IL PARERE DELL’ESPERTO
Perché il campanello d’allarme riguarda la lettura? «Questo disturbo neurologico causa un’organiz-
zazione non ottimale proprio per svolgere questo compito», spiega Cristiano Termine, professore associato di neuropsichiatria infantile all’Università dell’Insubria di Varese. «Vuol dire che nella mente di un dislessico le reti neuronali che servono alla visione non dialogano bene con quelle del linguaggio. Quindi il bambino fa fatica a convertire un segno grafico in un suono. Non perché ci veda male, ma perché il dialogo tra queste reti neuronali avviene in modo lentissimo. Una lentezza che si manifesta subito nella lettura (quindi studiare diventa un’impresa titanica) ma anche nella scrittura e, con l’aumentare dell’impegno richiesto a scuola, per lui crescono frustrazione e sofferenza». Con conseguenze anche sul linguaggio: in certi casi il bambino non trova le parole, ha un lessico fragile, fatica a ricordare nomi e numeri.
LA VIA D’USCITA
La tempestività di intervento è importante non tanto perché di dislessia si possa “guarire”, ma perché i bambini imparano a gestire questa loro caratteristica. E cominciano a vivere meglio. «La scoperta della dislessia è il momento più delicato che, sempre, comporta una crisi. Ci sono i genitori che rifiutano la diagnosi (più spesso i padri) e quelli che sprofondano nel senso di colpa per non averlo sospettato prima e aver rimproverato o punito il figlio perché non studiava, era aggressivo e prendeva brutti voti», spiega Rosanna Blonda, psicologa dello sviluppo presso la Fondazione Don Gnocchi Santa Maria Nascente di Milano. «Ma ci sono anche le crisi dei figli: si vergognano, hanno paura di essere giudicati “matti” o “stupidi”, comunque diversi, si sentono falliti. Con una differenza: una diagnosi fatta in seconda o terza elementare, superato il primo momento di disorientamento, porta il bambino a considerarla una parte di sé, come la miopia o l’essere mancini. Nella preadolescenza, invece, i ragazzini arrivano in ambulatorio con un cumulo di rabbia e di frustrazioni tale che il lavoro può diventare impegnativo: si rifiutano di sottoporsi alle valutazioni, non vogliono usare il computer in classe.
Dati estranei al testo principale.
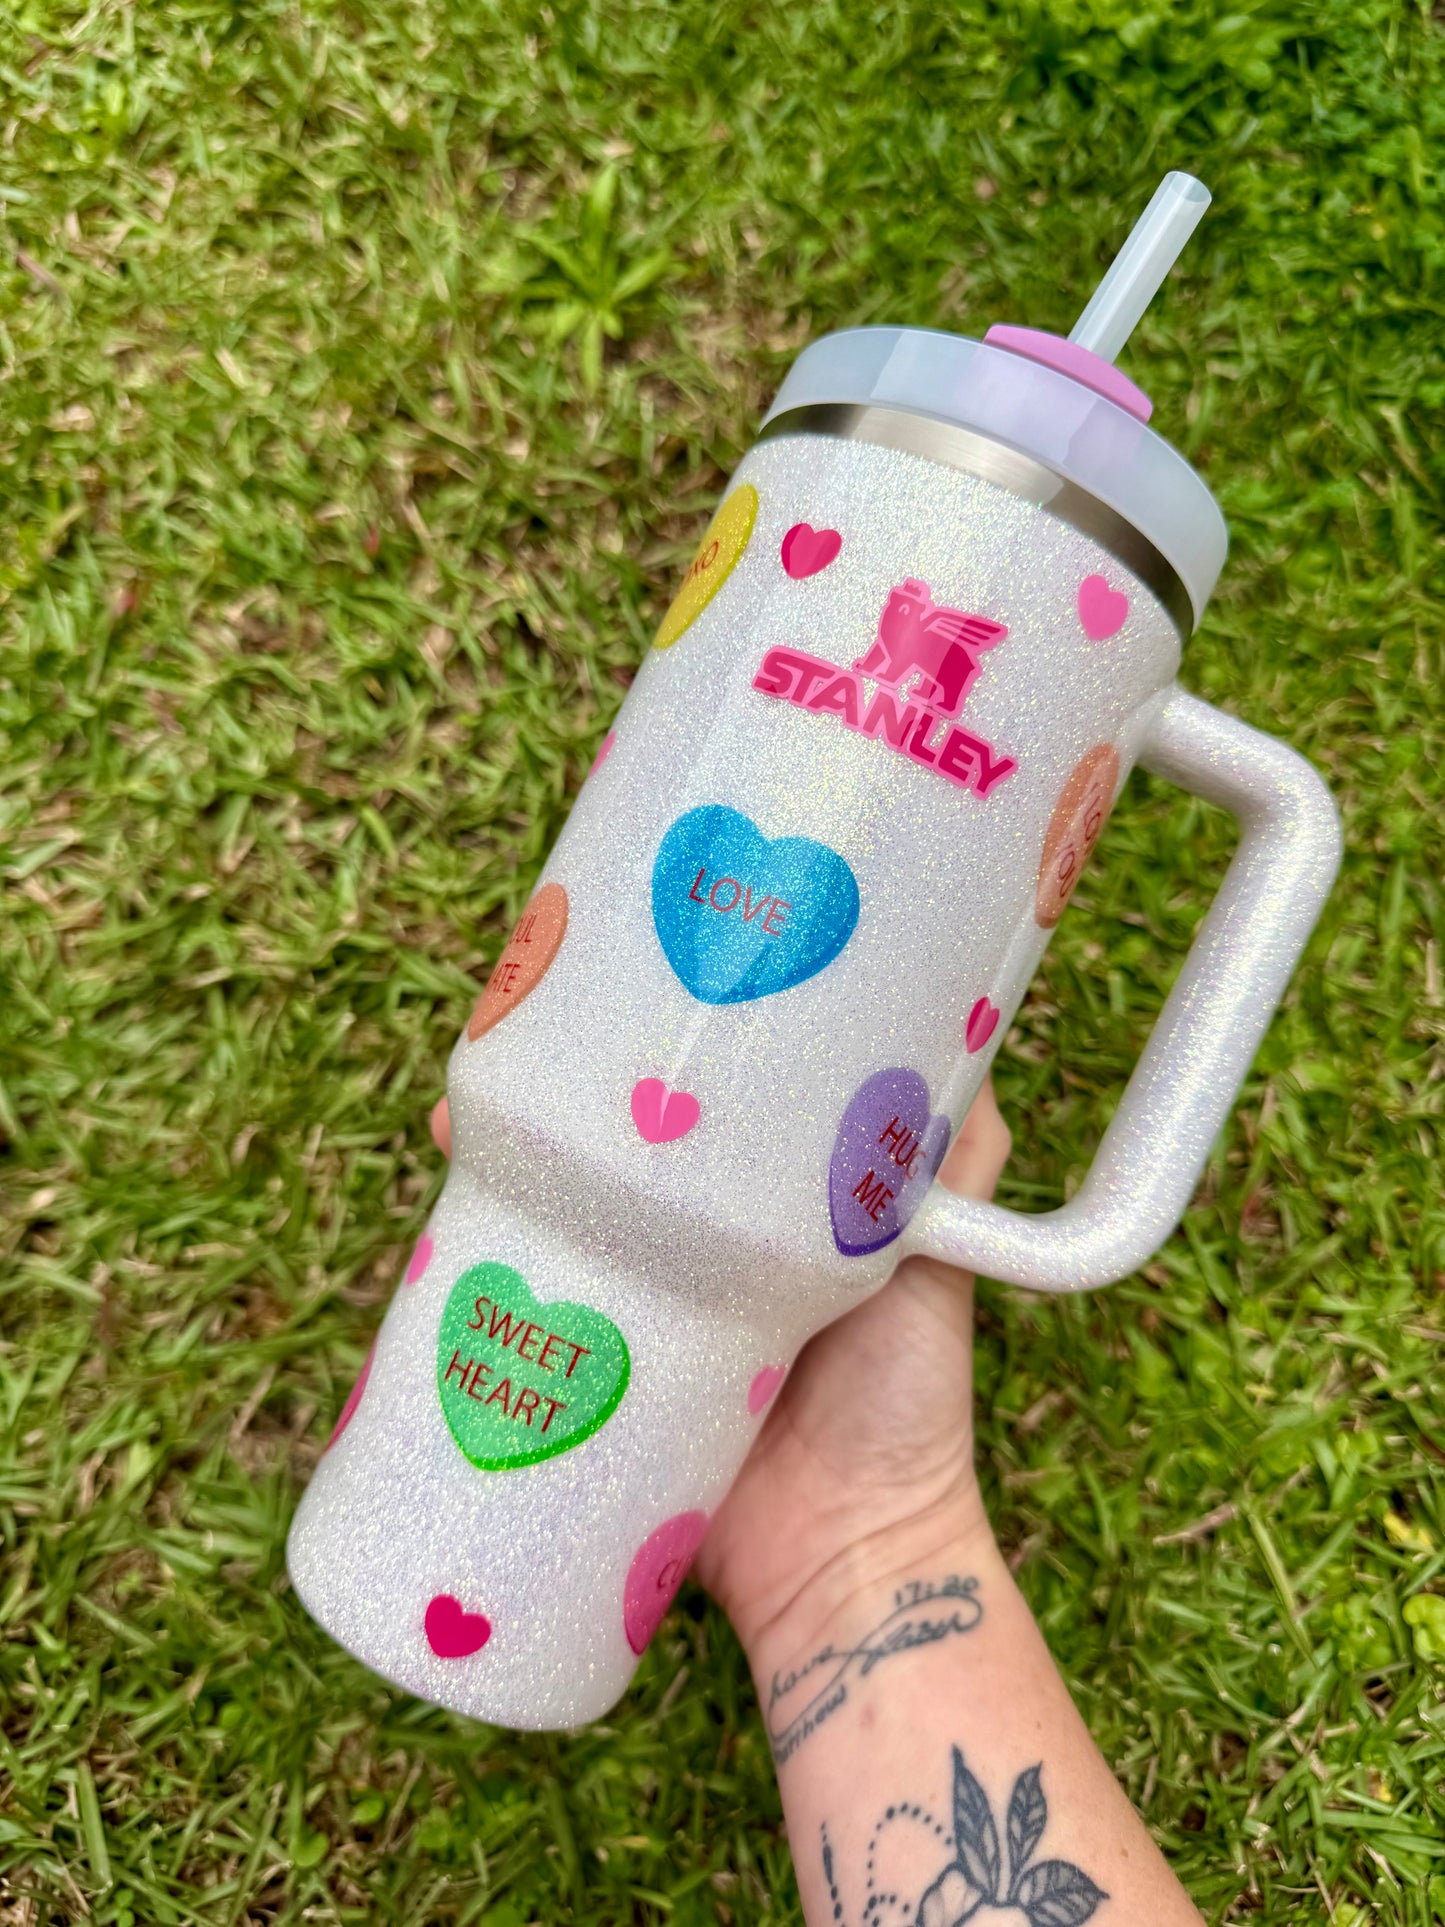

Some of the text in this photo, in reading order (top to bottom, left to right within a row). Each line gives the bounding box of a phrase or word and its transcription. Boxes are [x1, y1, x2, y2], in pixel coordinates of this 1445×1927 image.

[753, 650, 1015, 795] STANLEY
[688, 867, 792, 936] LOVE
[878, 1116, 927, 1181] HUG
[852, 1170, 894, 1222] ME
[466, 1296, 591, 1379] SWEET
[444, 1348, 567, 1434] HEART
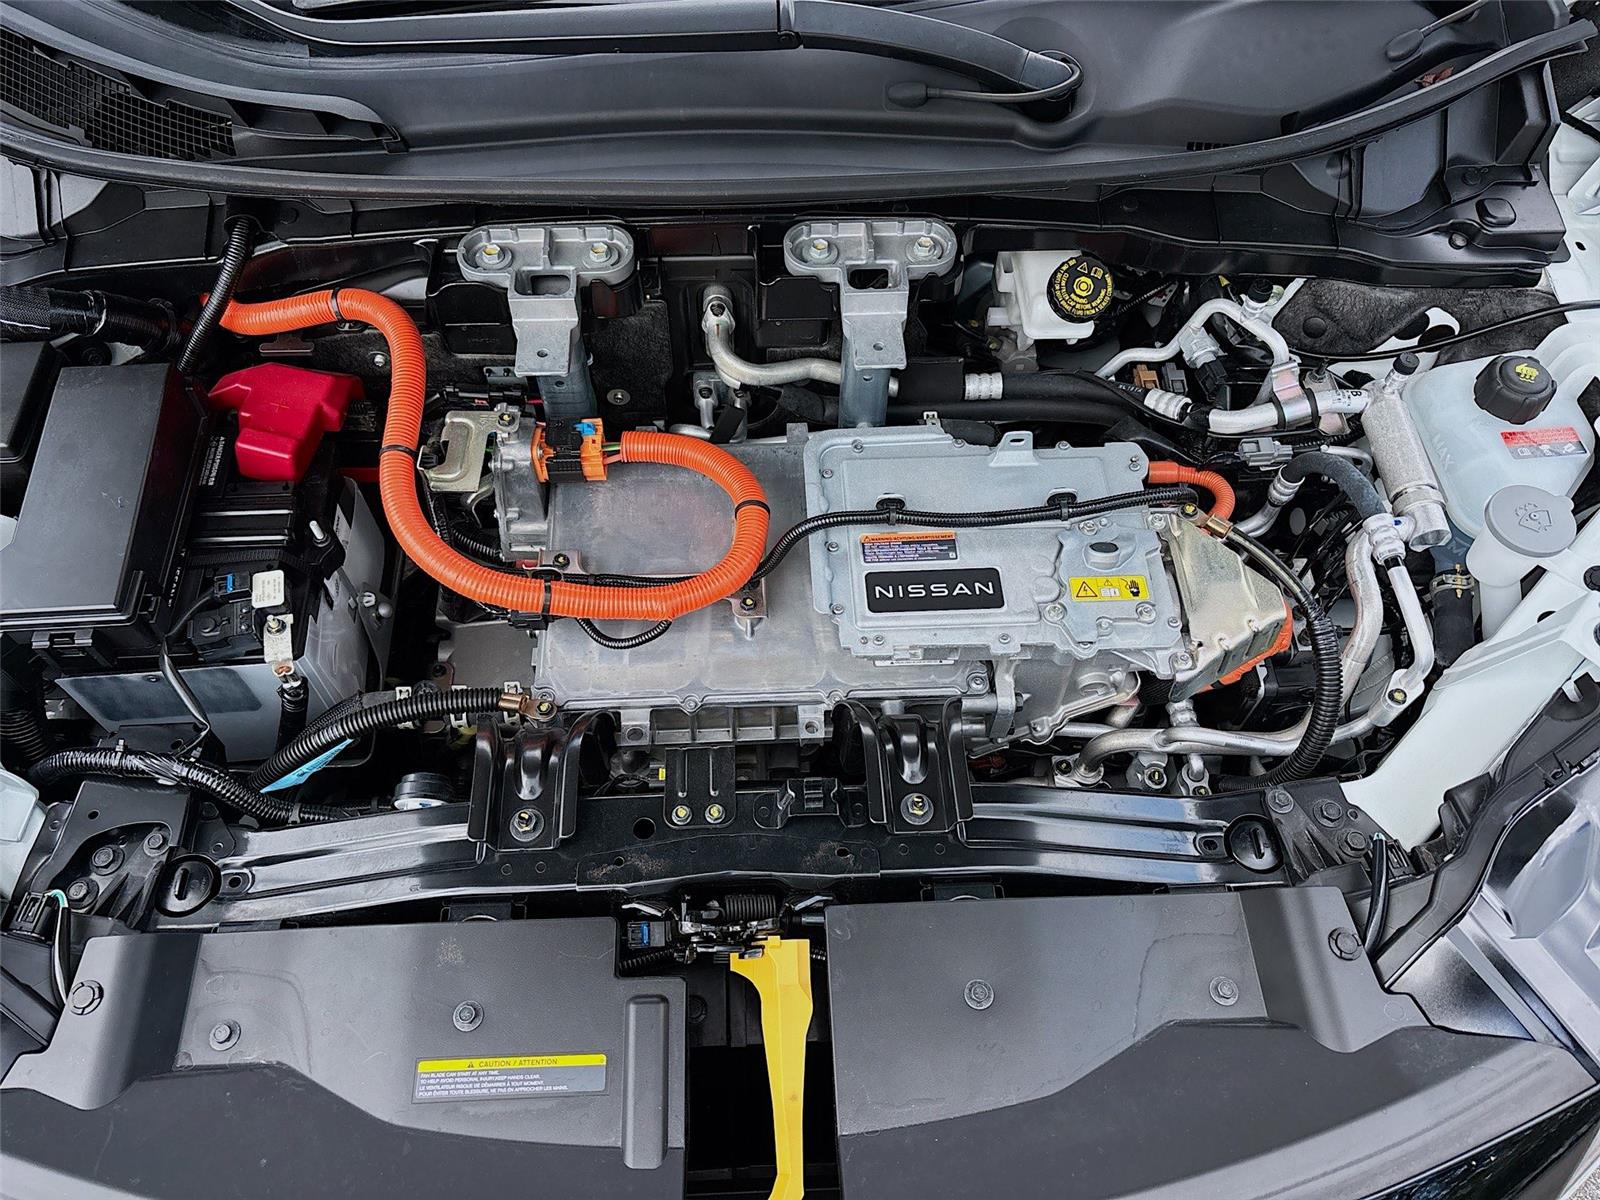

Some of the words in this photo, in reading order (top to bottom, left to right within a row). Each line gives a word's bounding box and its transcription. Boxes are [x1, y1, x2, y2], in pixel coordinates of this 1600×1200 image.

Prima di tutto, quindi, con loro diventa importante lavorare sull’autostima e sul clima in famiglia». Poi, piano piano, anche loro cominciano a stare meglio e a usare tutti gli aiuti messi a disposizione: la smart pen (una penna che registra le lezioni in classe e che, a casa, permette di prendere appunti trascrivendo la sintesi dei concetti su uno speciale quaderno), il computer o la scrittura in stampatello (molti la preferiscono), la calcolatrice. Strumenti semplici che permettono a ragazzi (in genere sveglissimi, dotati e molto capaci), di poter finalmente accostarsi a un’esperienza per i più banale: essere autonomi nello studio.